Cuando el comisario hubo terminado su relato, Fazio lo miró con expresión dubitativa.

– Y, según el cura, ¿qué debería hacer usted?

– Pues empezar a investigar, ver si…

– Pero ¡si ni siquiera sabe cuándo, cómo y dónde ocurrió ese asunto del veneno! ¡Igual es una historia de hace sesenta o setenta años! Y, además, ¿fue un hecho público y notorio o bien un hecho que permaneció encerrado dentro de los muros de la casa de unas personas honradas y del que jamás se supo nada? Hágame caso, dottore: olvídese de ese asunto. Quería decirle a propósito del atraco de ayer que…
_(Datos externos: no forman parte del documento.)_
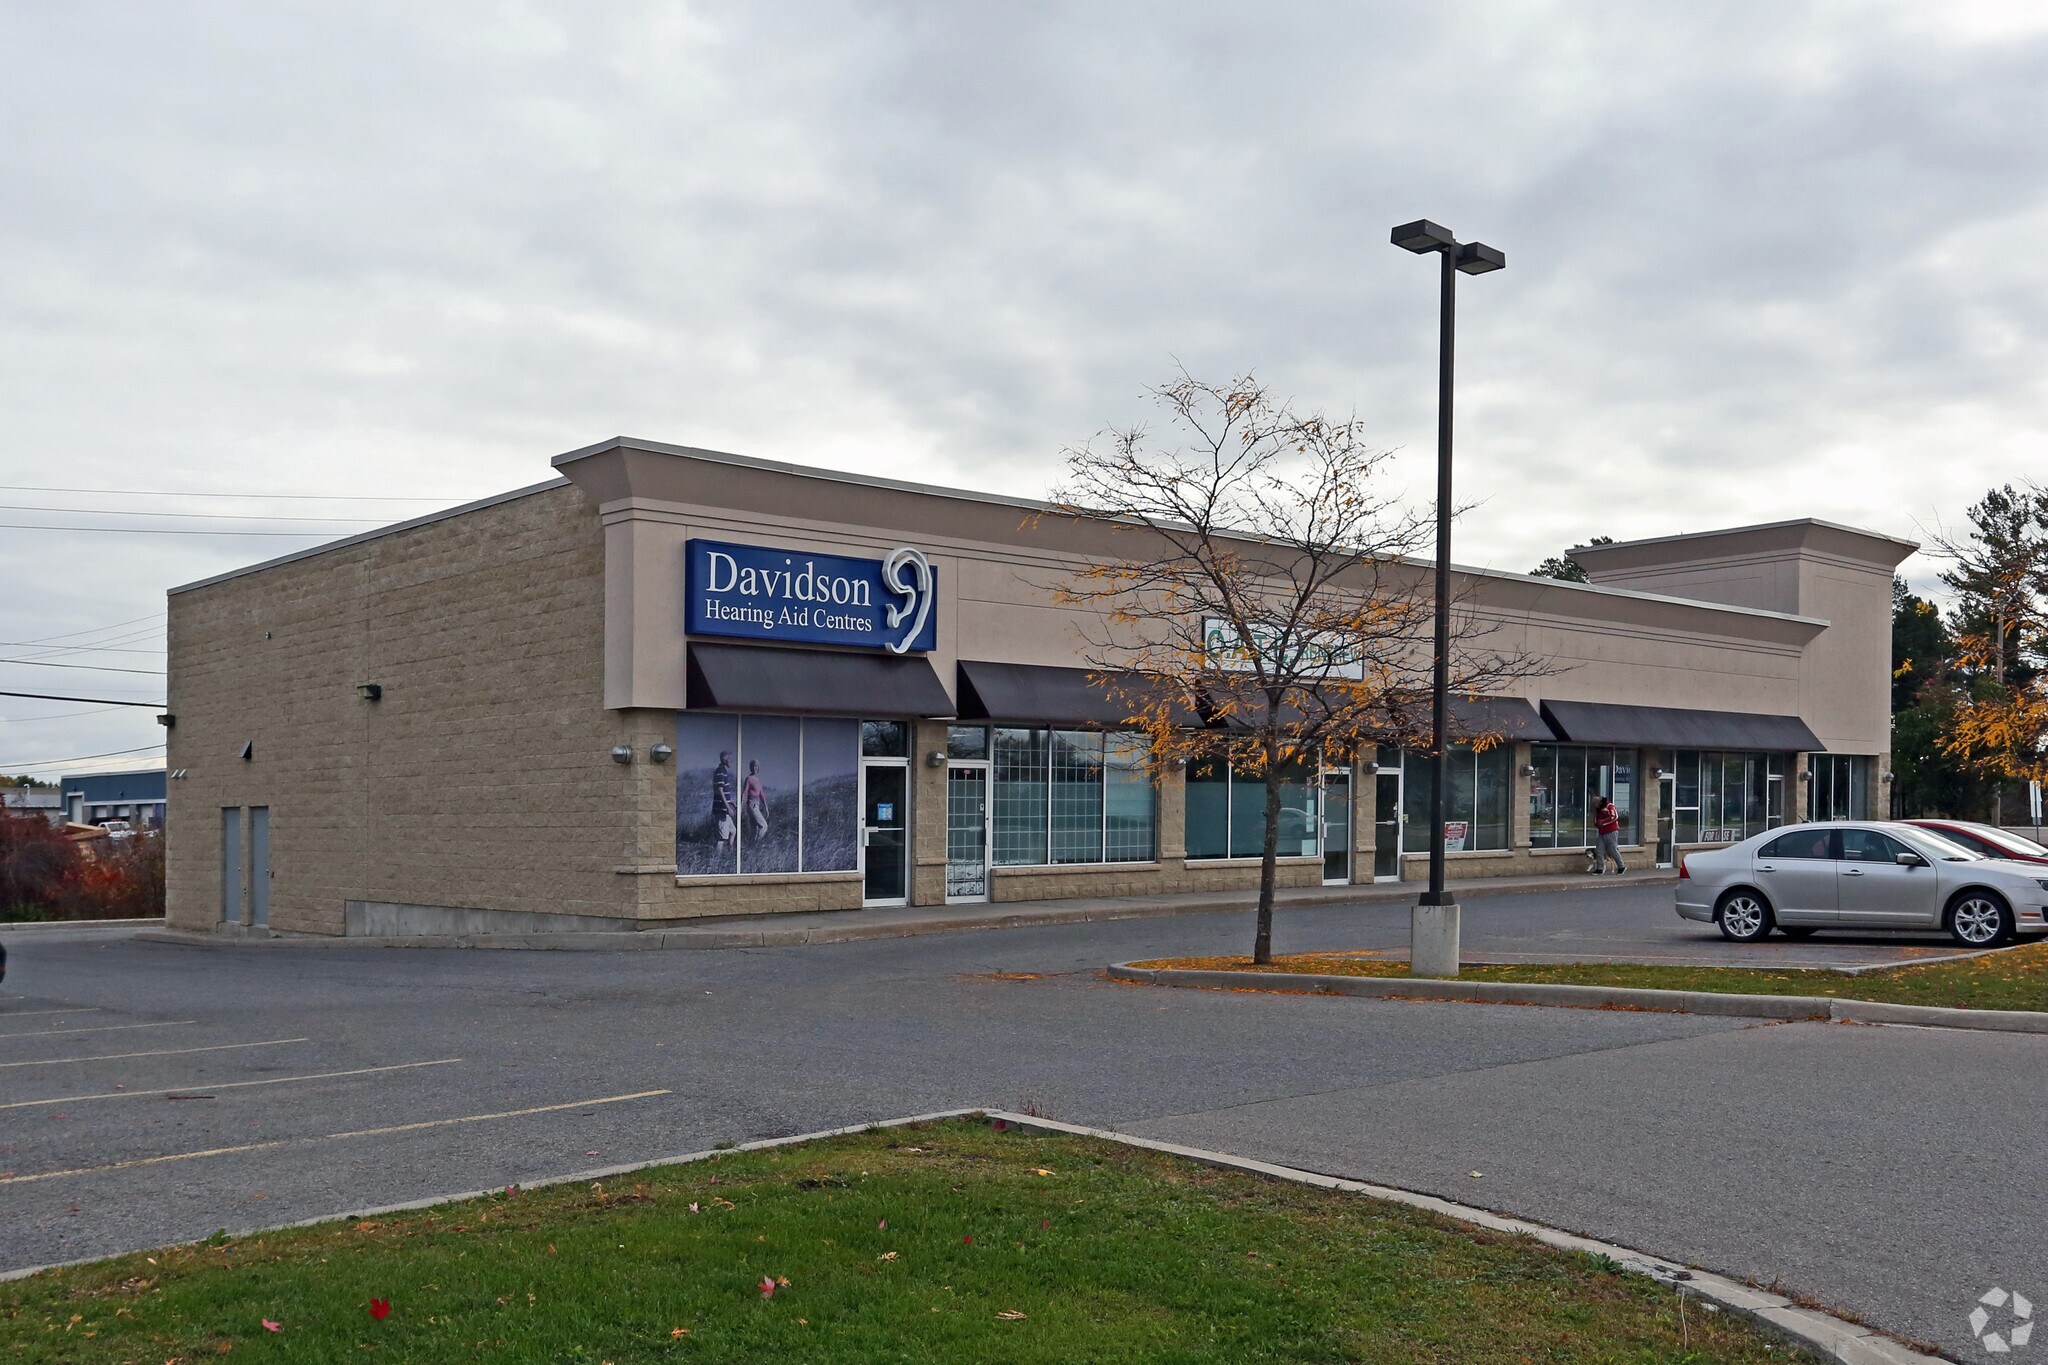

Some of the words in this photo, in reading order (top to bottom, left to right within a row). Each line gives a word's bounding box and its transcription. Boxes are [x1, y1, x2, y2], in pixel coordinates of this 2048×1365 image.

[706, 551, 872, 607] Davidson
[705, 599, 774, 630] Hearing
[778, 606, 809, 627] Aid
[813, 608, 873, 632] Centres
[1704, 831, 1715, 841] FOR
[1715, 830, 1730, 841] LESE
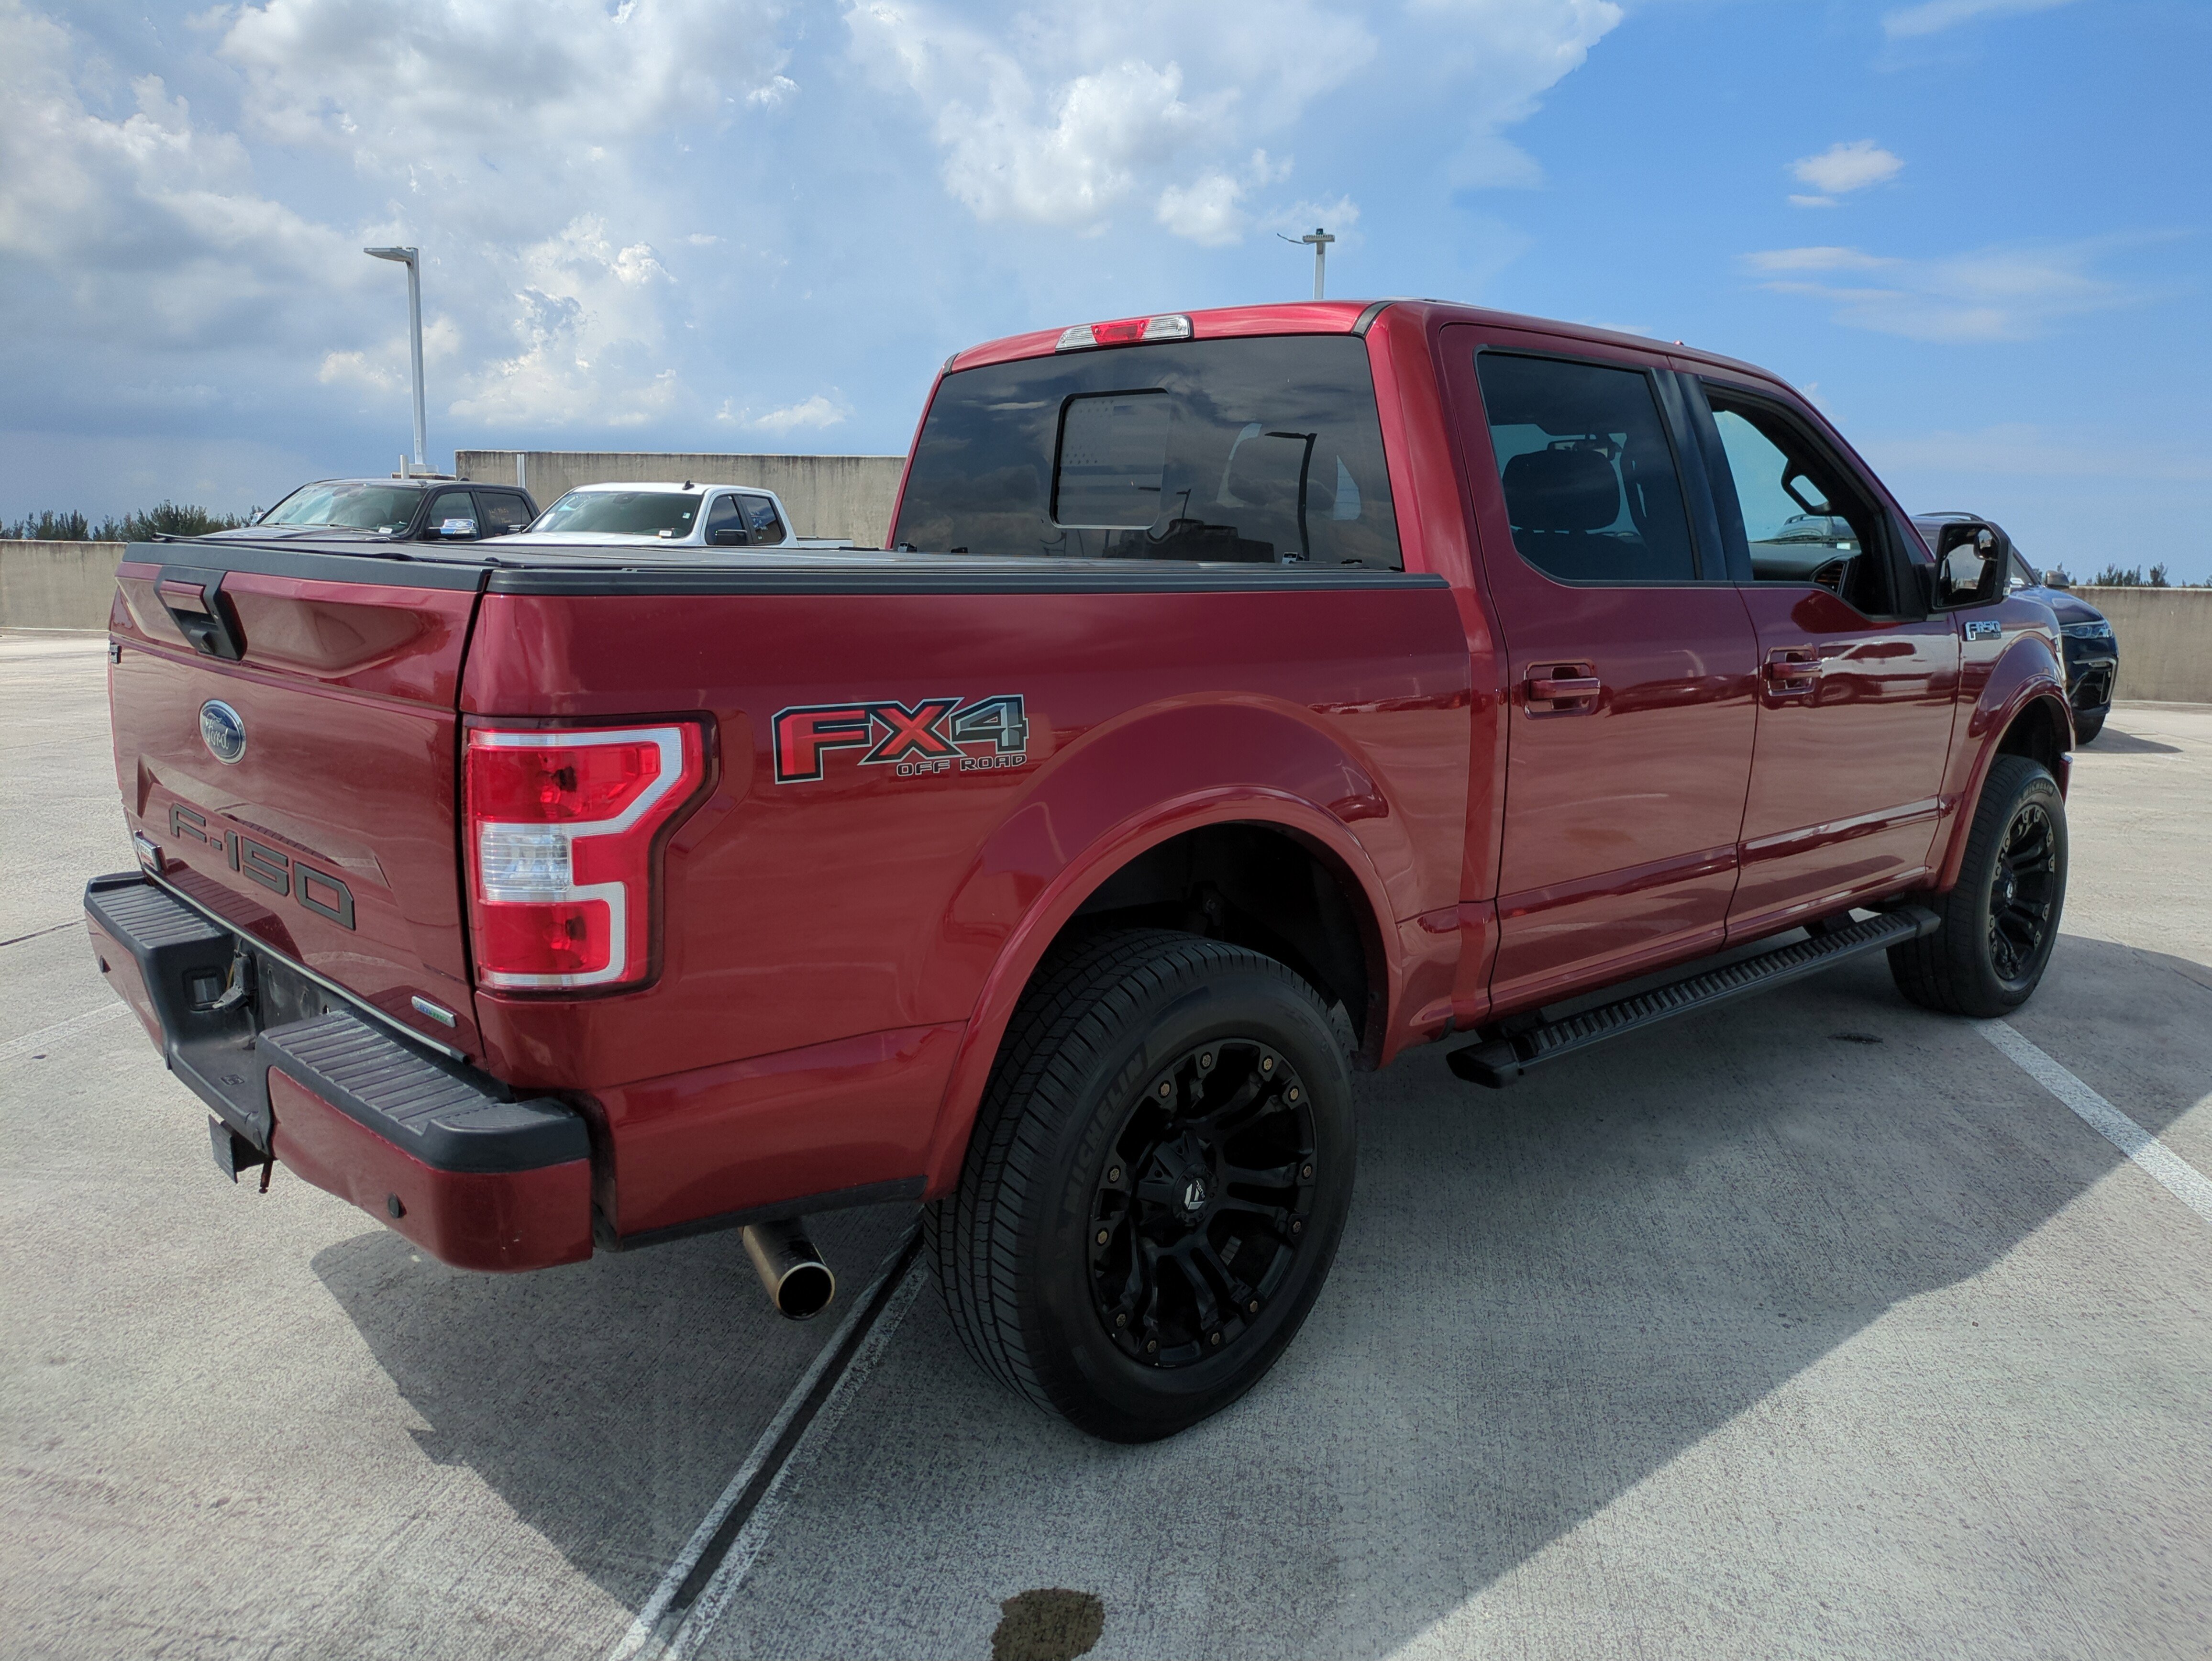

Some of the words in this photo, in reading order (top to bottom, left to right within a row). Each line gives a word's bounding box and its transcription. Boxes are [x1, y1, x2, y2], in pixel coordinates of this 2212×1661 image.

[205, 712, 230, 750] Ford
[772, 694, 1029, 785] FX4
[896, 760, 950, 776] OFF
[960, 754, 1027, 771] ROAD
[169, 803, 355, 930] F-150
[1062, 1049, 1146, 1215] MICHELIN
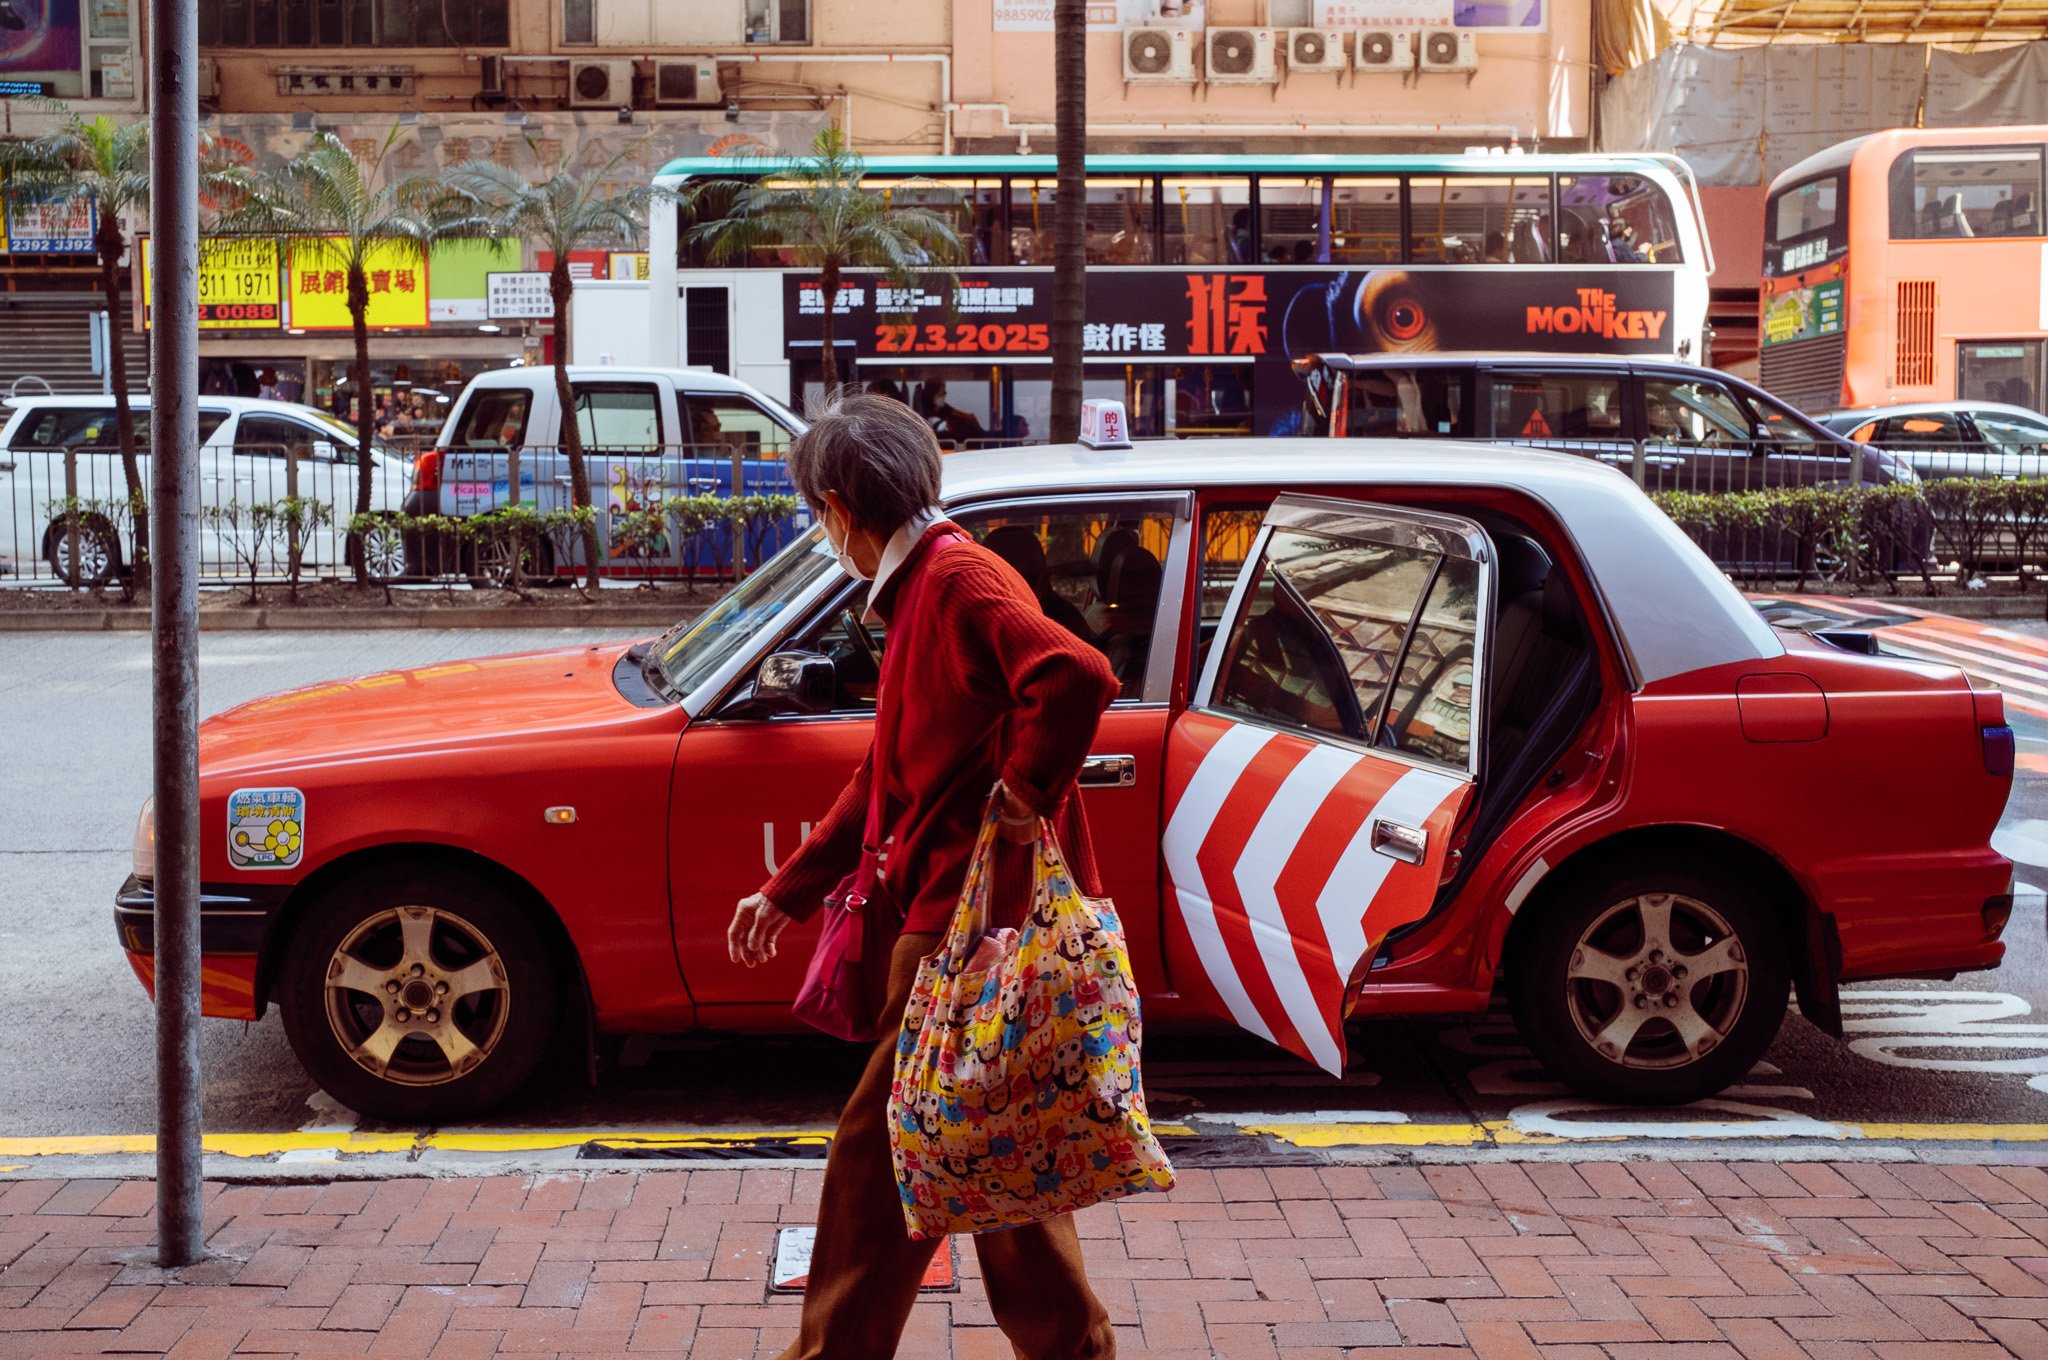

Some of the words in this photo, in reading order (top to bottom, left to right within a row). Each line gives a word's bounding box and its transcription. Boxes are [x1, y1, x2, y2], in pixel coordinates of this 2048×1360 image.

[995, 9, 1054, 21] 9885902
[12, 240, 49, 251] 2392
[54, 240, 92, 251] 3392
[199, 273, 225, 297] 311
[235, 273, 271, 297] 1971
[300, 269, 416, 295] 展銷賣場
[215, 305, 274, 319] 0088
[1577, 288, 1617, 312] THE
[1184, 274, 1268, 354] 猴
[1526, 306, 1668, 339] MONKEY
[875, 324, 1050, 352] 27.3.2025
[1082, 323, 1166, 351] 鼓作怪
[1104, 411, 1119, 438] 的士
– A ver si lo entiendo, Salvo. ¿Tú me has contado esa historia para que te dé un consejo, para saber si debes encargarte o no del caso?

– Exactamente, Mimì.

– Pero ¿por qué quieres darme por culo?

– No te entiendo.

– ¡Tú no quieres que te dé ningún consejo! ¡Tú ya lo has decidido!

– Ah, ¿sí?

– ¡Sí! ¡Cómo no vas a meterte tú en una historia como ésa, que no tiene ni pies ni cabeza! ¡Y que, por si fuera poco, es antigua! ¡Seguro que tendrás que vértelas con gente de hace cien años o poco menos!

– ¿Qué quieres decir?

– ¡Tú disfrutas con esos viajes a través del túnel del tiempo! ¡Te encanta hablar con viejecitos que, a lo mejor, se acuerdan del precio que tenía la mantequilla en mil novecientos doce y, en cambio, han olvidado cómo se llaman! El cura ha sido muy astuto. Ha cortado y cosido un traje perfecto para ti.

– ¿Sabes, Livia? Esta mañana estaba duchándome cuando han llamado a la puerta. He ido a abrir desnudo, tal como estaba, y…

– Perdona, creo que no he entendido bien. ¿Has ido a abrir completamente desnudo?

– Creía que era Catarella.

– ¿Y eso qué importa? ¿Acaso Catarella no es un ser humano?

– ¡Pues claro que lo es!

– Pues entonces, ¿por qué quieres castigar a un ser humano con la contemplación de tu cuerpo desnudo?

– ¿Has dicho castigar?

– Lo he dicho y lo repito. ¿O es que te crees el Apolo del Belvedere?

– Explícate mejor. ¿Quieres decir que la contemplación de mi cuerpo desnudo supone un castigo para ti?